Mélanie Carrier and Olivier Higgins: breathtaking stories

M&élanie Carrier and Olivier Higgins: breathtaking stories

UPGRADE DAY

Winners of numerous awards for their films, translated into twenty languages ​​and seen in 200 countries and territories, directors and filmmakers Mélanie Carrier and Olivier Higgins, both biologists by training, have a unique and moving way of tell stories of life. 

“Life does not reside in molecules, but in the bonds that bind them together,” wrote Linus Pauling, an American chemist and physicist, one of the few to have received two Nobel Prizes. 

This sentence, which sets the stage in the film Québékoisie, directed by Mélanie and Olivier, and which deals with the complex relations between Quebecers and Aboriginal people, sums up their work very well.

It actually sums up something like the very essence of this couple, who were destined for biology.

“We are hooked on this quote because our work comes back to it all the time”, explains Olivier, designated artist of the year in the national capital by the Conseil des arts et des lettres du Québec in 2022.

I organized a meeting with Mélanie Carrier after knowing that she was going to Copenhagen, where the mayor of Quebec will go to greet her next week. I finally met the couple, who in 2010 founded Mö Films, an independent production company in Quebec City. 

He loves images, she loves words. Both share this openness and this very human side which allows them to create films whose authenticity and beauty are breathtaking. 

Linked destinies

Mélanie and Olivier met in secondary 2. They were friends for several years before realizing that they had fallen in love. 

“I had gone to Europe and he to Australia, and we realized that we were bored,” she says, her eyes shining.

The couple flew away more later to Reunion Island, as part of university studies in biology. Olivier had brought his camera, bought when he was 19. 

“We filmed to show memories to our parents, and we saw how touched they were by our images. It allowed us to share something, and that's how it all started,” says Mélanie.

After the bachelor's degree, both won scholarships to study for the master's degree. Instead, they decided to go on a climbing trip to Mexico and North America. 

“We dreamed of adventures and great expeditions,” says Mélanie. It was after that we decided to go to Asia.”

Several prizes

Their 8000 km journey by bike, from Mongolia to 'to India, inspired their first film, Asiamut, which has won 35 awards. Mélanie wrote her first book, Cadence, published in 2007.

The couple have since won numerous awards for their productions. To know how many, “we never counted”, replies Mélanie. 

They are particularly proud of the success of the punchy documentary Errance sans retour , which won three Iris awards (best documentary, best editing and best cinematography) and the Canadian Screen award (best documentary in Canada). 

They take a poetic, sensitive and deeply moving look at the tragedy of the Rohingyas. 
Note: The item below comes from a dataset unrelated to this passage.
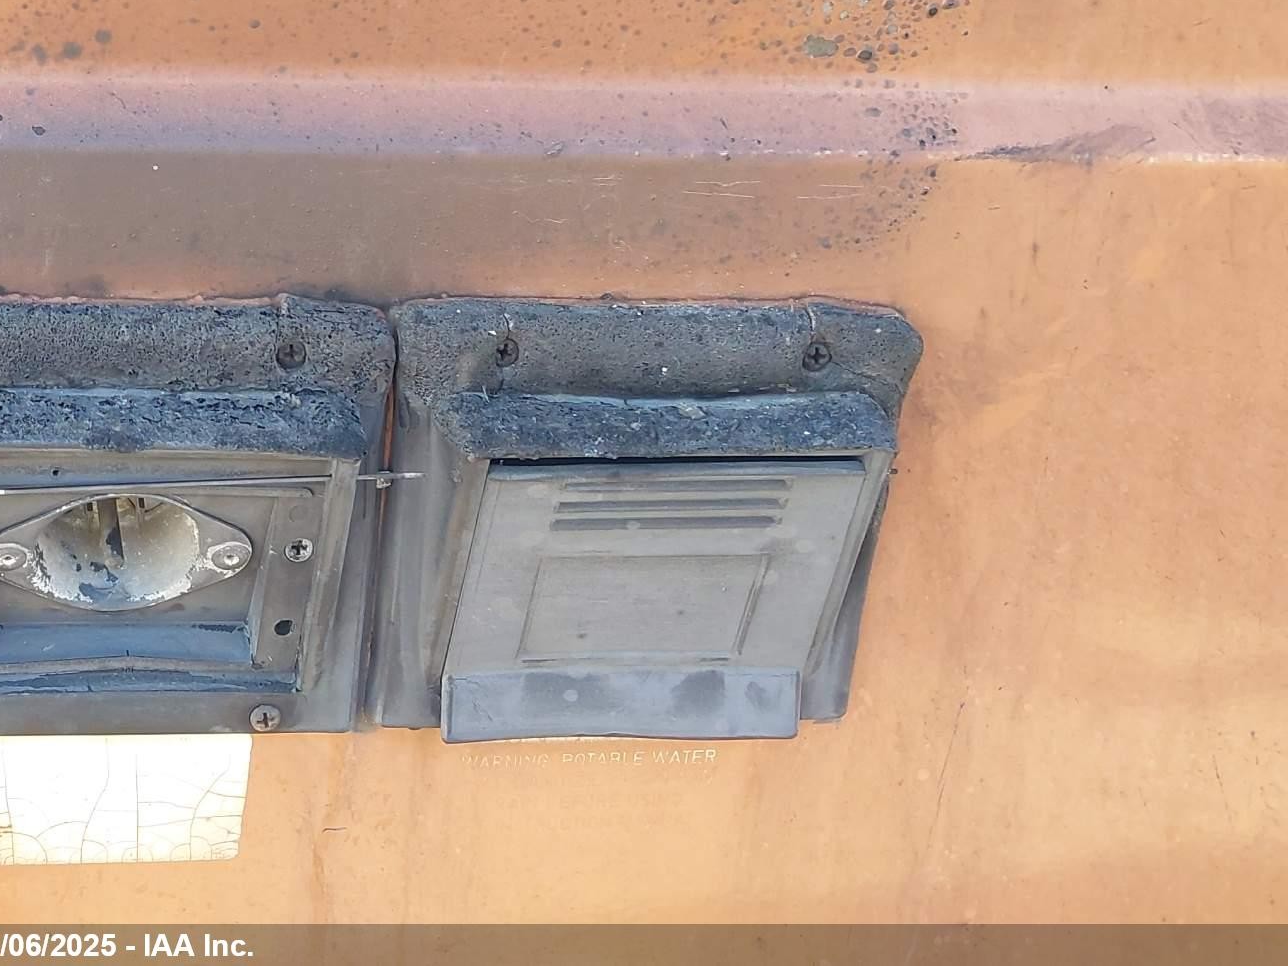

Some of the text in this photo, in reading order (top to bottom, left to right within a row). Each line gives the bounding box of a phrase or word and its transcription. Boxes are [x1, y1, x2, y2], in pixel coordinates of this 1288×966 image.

[460, 749, 717, 769] WARNING POTABLE WATER
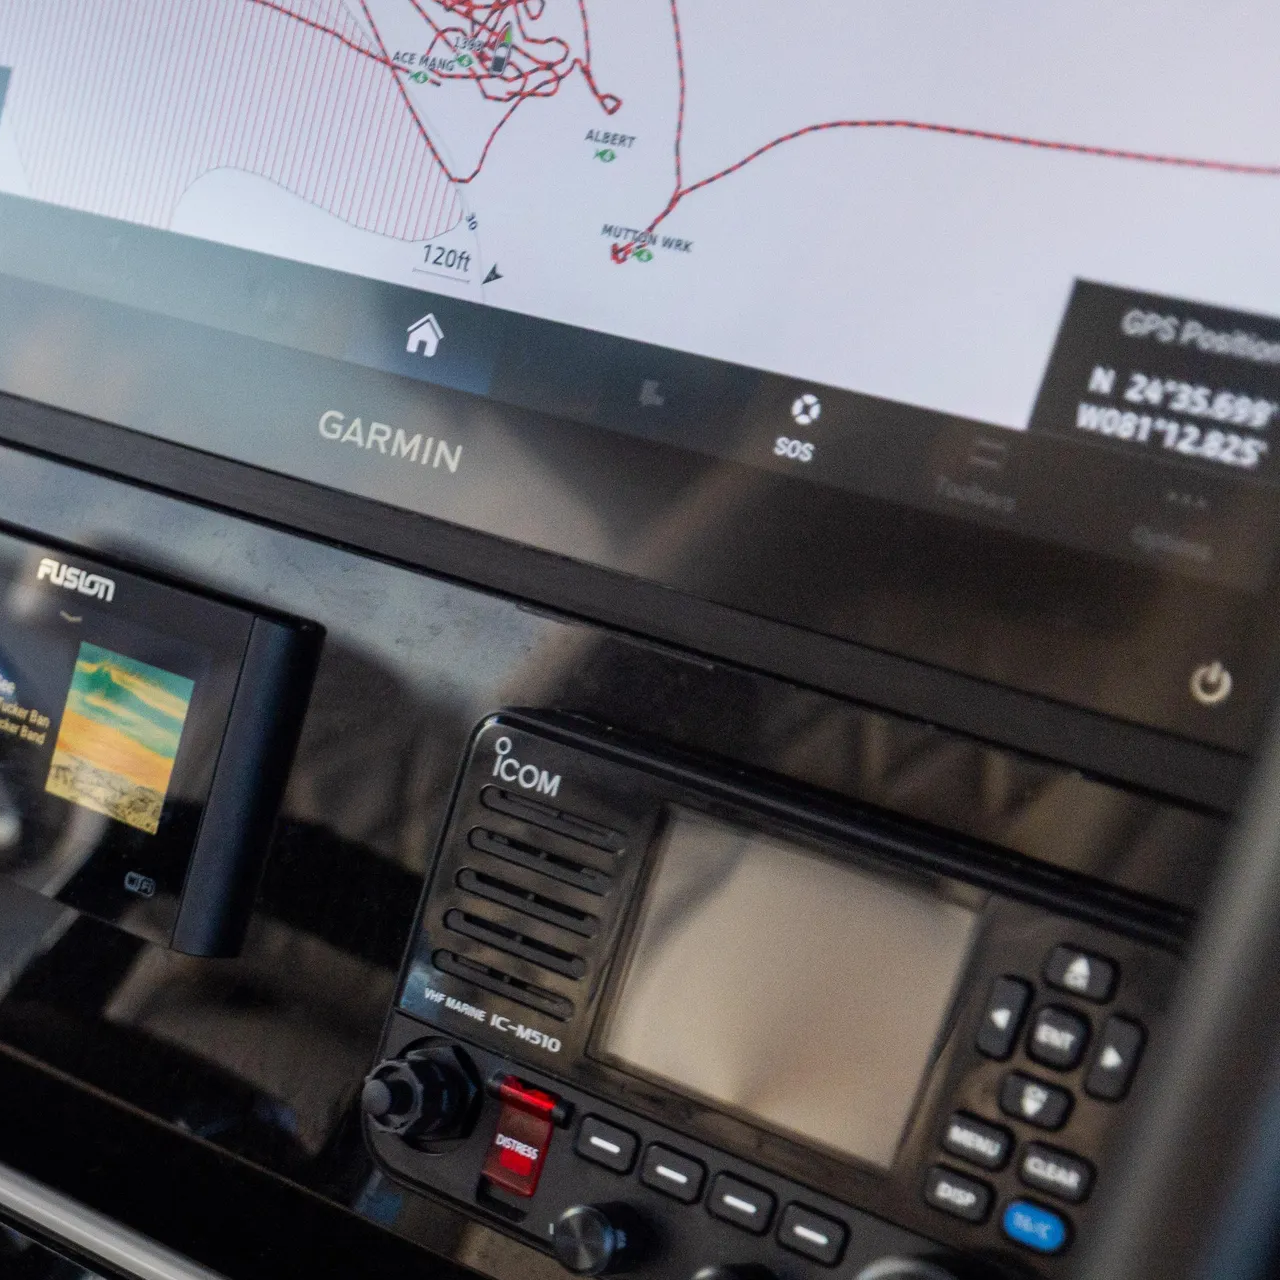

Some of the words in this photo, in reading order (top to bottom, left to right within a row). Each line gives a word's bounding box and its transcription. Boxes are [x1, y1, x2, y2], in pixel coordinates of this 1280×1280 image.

These members of the Muslim minority fled Myanmar to take refuge in Bangladesh in what has become, with 700,000 people, the most crowded refugee camp in the world, where they take us.

This is a must see.

From this work, inspired by the work of photographer Renaud Philippe, was also born an exhibition which was presented at the Musée national des beaux-arts du Québec. 

Passage to Denmark

To come back to Denmark, the film Québékoisie will be presented during the Cinemateket, an international documentary film festival. We will also talk about the short film in preparation Shofi, named after the narrator of Errance sans retour, who lives in Quebec after spending 18 years at the camp. < /p>

It will also be an opportunity for Mélanie to talk about their most recent project, At the height of children, in which their two children participate. 

Shot at school and in the daily life of their son Émile for three years, this upcoming documentary will tell the story of the latter's arrival in the school world.&nbsp ;

The project also allowed the two accomplices to fill up on sweetness and light, after the overwhelming Errance sans retour. The excerpts reveal a work that is just as touching, but which transports us elsewhere. 

“We needed this light, this beauty of childhood which is part of life”, confides Mélanie , for whom this “freedom to have light in our lives” has become like a duty, after the incursion into the heart of the Rohingya tragedy.